A empresa alterou sua Classificação Nacional de Atividades Econômicas (CNAE) para incluir o comércio de carnes. Anteriormente, ela possuía apenas classificação para comercialização de veículos usados.
A denúncia informa ainda que, no mesmo dia da alteração contratual, a empresa obteve licença sanitária para atuar na área. No entanto, o despacho do órgão competente só ocorreu após a abertura do pregão, em 29 de outubro.
A H.E. também é acusada de falsificar assinaturas em atestados de capacidade técnica. Ela teria apresentado documentos que alegavam negócios com uma distribuidora de alimentos. Entretanto, quando questionado por meio de ofício, o proprietário dessa distribuidora negou qualquer negociação com a empresa.
Em outro atestado, a H.E. Rodrigues afirmou ter fornecido carnes para um supermercado de Boa Vista entre 2010 e 2012. No entanto, naquele período, a empresa estaria inativa e sem o CNAE necessário para o comércio de produtos alimentícios.
Há ainda acusações de que as amostras apresentadas pela H.E. Rodrigues não eram compatíveis com o lote disputado. O edital exigia corte dianteiro de carne bovina, mas a empresa teria entregue o corte denominado “ponta de agulha”, considerado inferior e mais gorduroso – mesmo assim, aprovado pela nutricionista responsável.
A H.E. Rodrigues venceu o lote com proposta de R$ 29.931.065,00. Outra empresa teria oferecido proposta equivalente por valor R$ 1.181.346,65 menor durante o ano de 2024.
A Atacadão Distribuidora Aliança, por sua vez, também é acusada de falsificar documentos. A empresa foi alvo de operação da Polícia Federal (PF) que investiga possível fraude em licitação de R$ 11,6 milhões para fornecimento de peixe à merenda escolar da Seed. A empresa foi contemplada em três lotes do pregão para fornecer carnes, peixes, hortifrúti e gêneros alimentícios em geral.
Conforme a denúncia, a Aliança teria apresentado uma certidão negativa de débitos com validade indeterminada devido a uma liminar judicial. Mas uma decisão posterior, no entanto, negou o direito à certidão, sem prazo determinado, tornando ela inválida.
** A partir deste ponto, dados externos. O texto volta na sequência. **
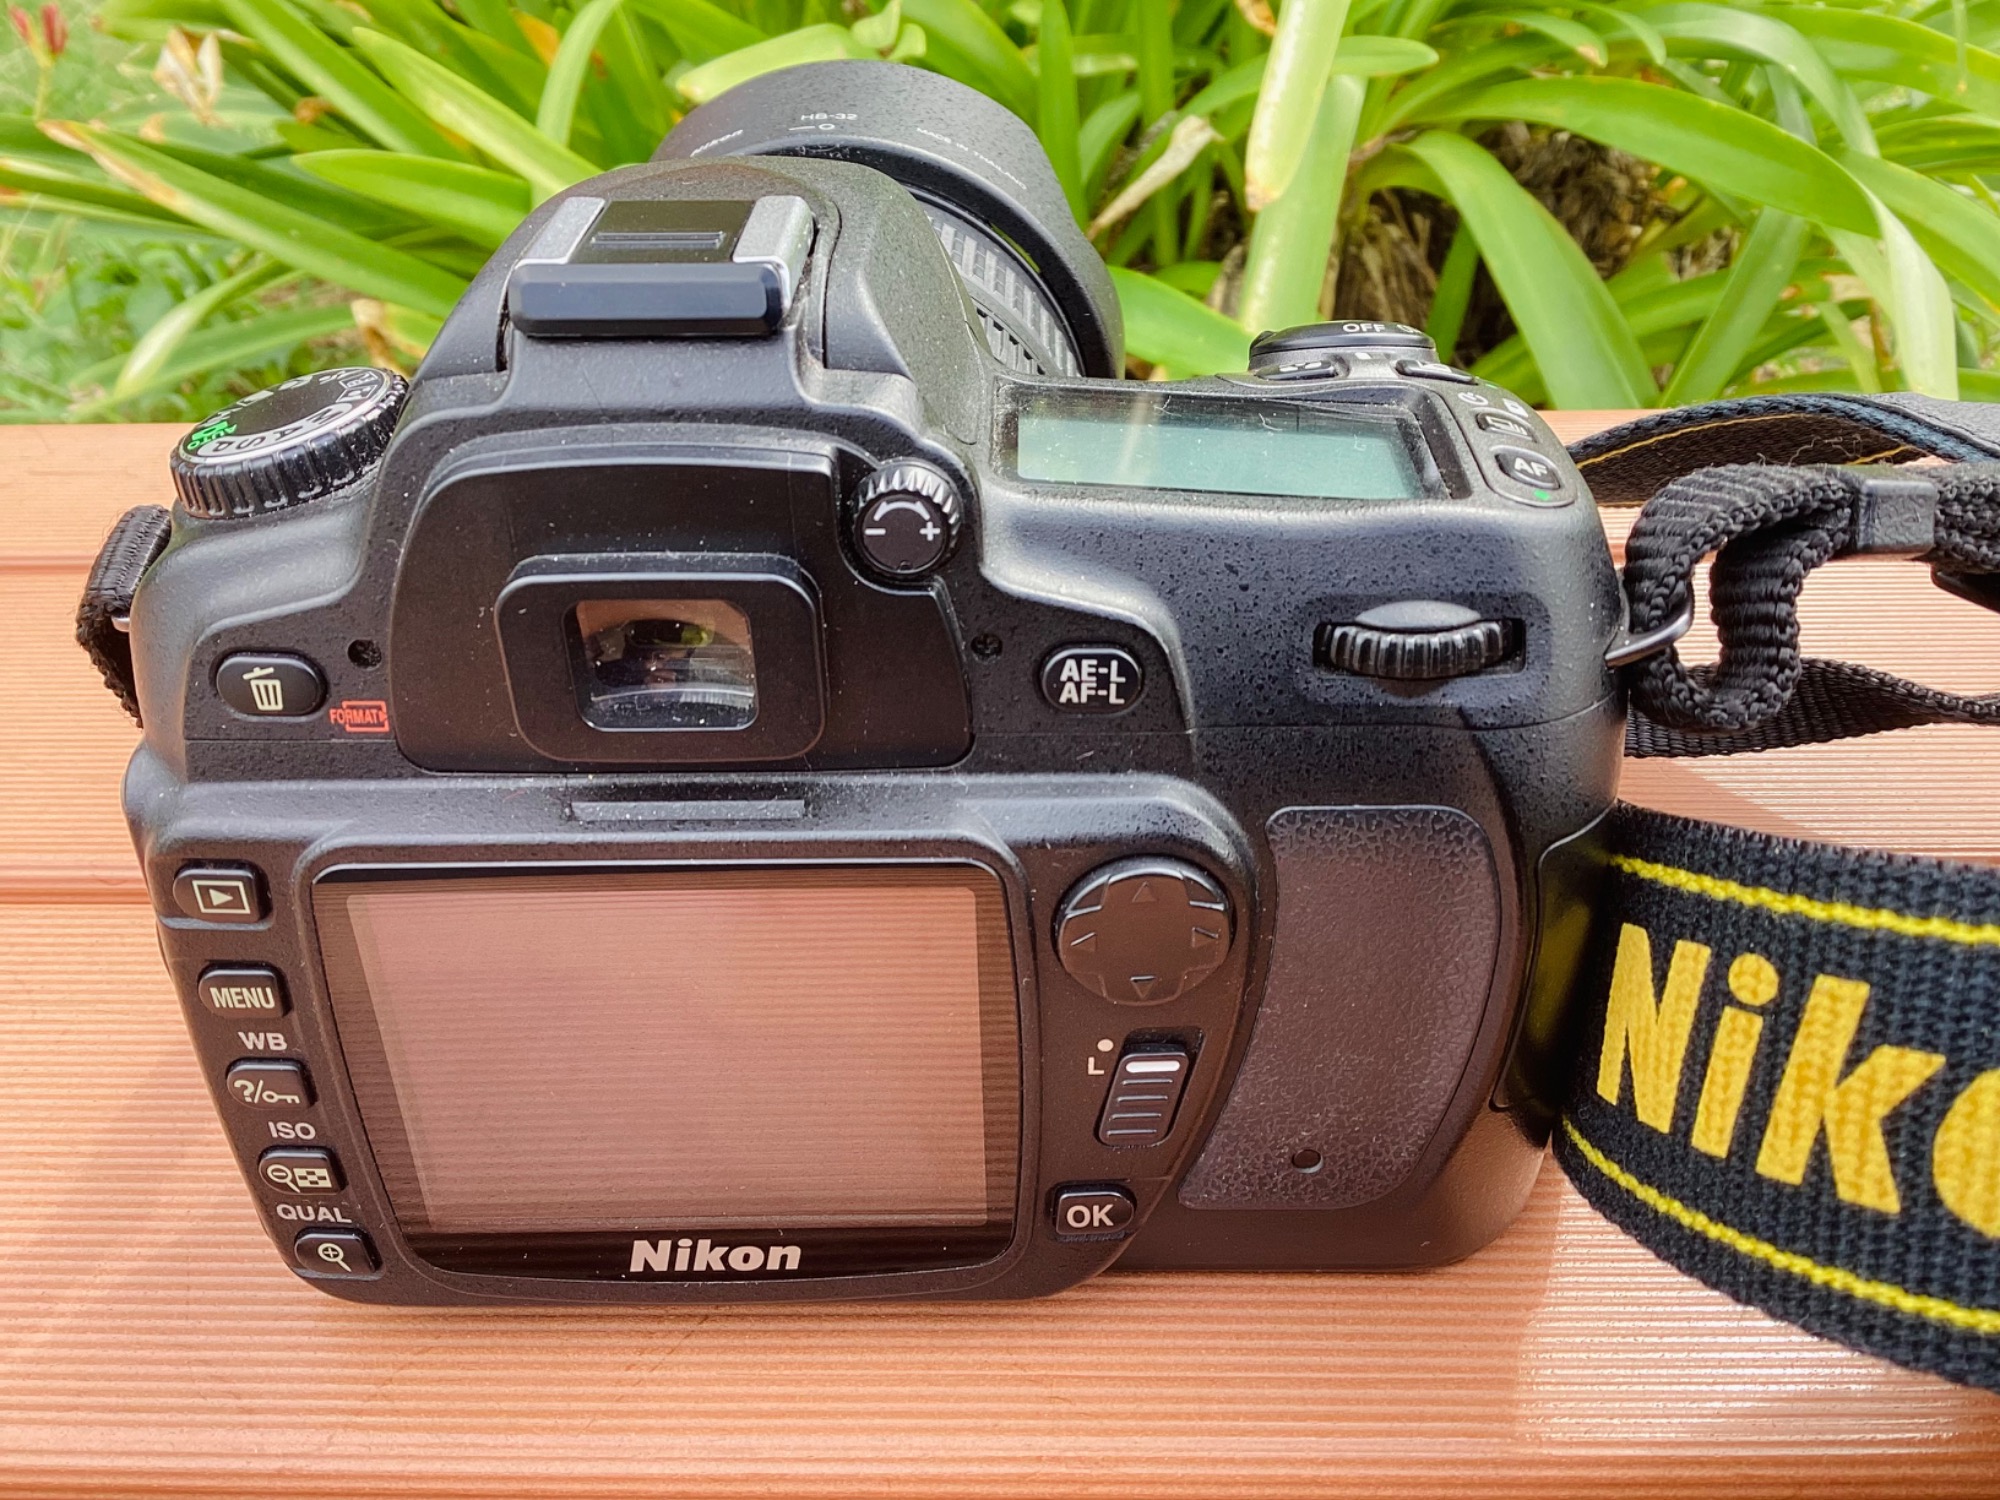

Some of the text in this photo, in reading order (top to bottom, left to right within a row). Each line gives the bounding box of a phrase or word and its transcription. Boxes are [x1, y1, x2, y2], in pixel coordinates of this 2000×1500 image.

[1342, 323, 1386, 333] OFF
[1514, 457, 1548, 477] AF
[1059, 658, 1127, 684] AE-L
[1058, 681, 1126, 705] AF-L
[329, 708, 382, 725] FORMAT
[209, 987, 276, 1009] MENU
[238, 1031, 288, 1051] WB
[1087, 1056, 1105, 1076] L
[267, 1120, 317, 1141] ISO
[276, 1203, 353, 1224] QUAL
[1066, 1203, 1115, 1229] OK
[629, 1237, 802, 1273] Nikon
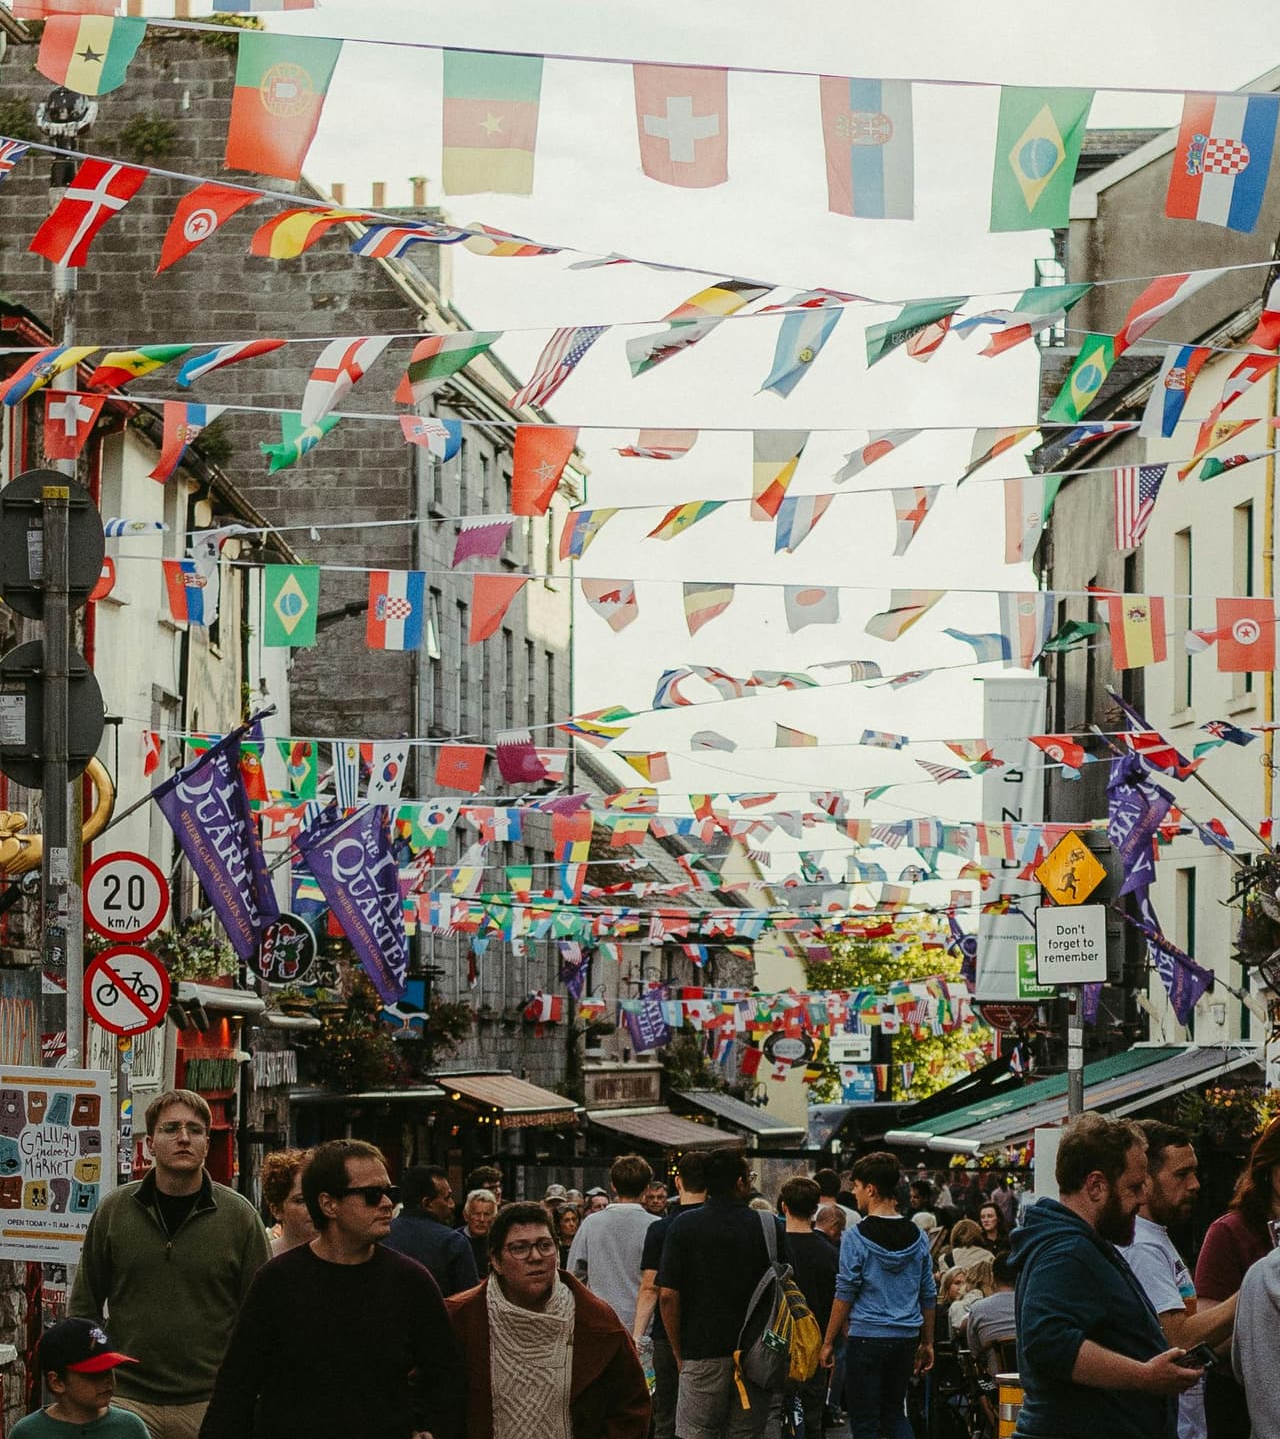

Mesmo assim, a pregoeira aceitou o documento.
A Aliança também é acusada de usar atestados de capacidade técnica emitidos na Venezuela, que estariam em português, com erros gramaticais e formatação idêntica. Esses documentos deveriam estar com a tradução juramentada em cartório, conforme o art. 67 da Lei nº 14.133/2021.
Além disso, a empresa é suspeita de apresentar amostras irregulares, como a de peixe tambaqui que não estava embalada a vácuo (como exige o edital) e não possuía tabela nutricional, data de validade do frango inferior a seis meses e amostras de hortifrúti divergentes das especificações técnicas do termo de referência.
Já a Adryelly B. P. de Melo LTDA apresentou notas fiscais de suas únicas vendas, no valor total de R$ 234.495,62. Contudo, seu balanço patrimonial declarou receita de apenas R$ 46.150,21 – uma discrepância que sugeriria inconsistência contábil.
A empresa também é acusada de emitir atestados de capacidade técnica que alegavam transações comerciais com as mesmas empresas envolvidas no suposto conluio, reforçando as suspeitas de articulação fraudulenta entre os participantes do pregão.
Outro Lado
Por meio de nota, a Seed e a Selc afirmaram que o pedido foi analisado e a Justiça confirmou a total legalidade do processo, indeferindo o pedido das empresas que apresentaram recursos, insatisfeitas com o resultado.
A H.E. Rodrigues Comércio Atacadista Varejista LTDA negou as acusações e afirmou que o recurso foi analisado e indeferido, confirmando a legalidade e transparência do processo licitatório.
A Folha BV também tentou contato com as outras duas empresas citadas, mas sem sucesso. O espaço segue aberto.
Notas completas
Seed e Selc
“A Secretaria de Licitação e Contratação e a Secretaria de Educação e Desporto informam que tiveram conhecimento dos recursos apresentados no âmbito do Pregão Eletrônico SRP nº 90047/2024 (Processo nº 17101.016775/2024), referente à aquisição de gêneros alimentícios destinados à merenda escolar.
No caso específico, a parte denunciante ingressou com recurso judicial contestando a habilitação da empresa. O pedido foi analisado e a Justiça confirmou a total legalidade do processo, indeferindo o recurso das empresas que apresentaram recursos, insatisfeitas com o resultado.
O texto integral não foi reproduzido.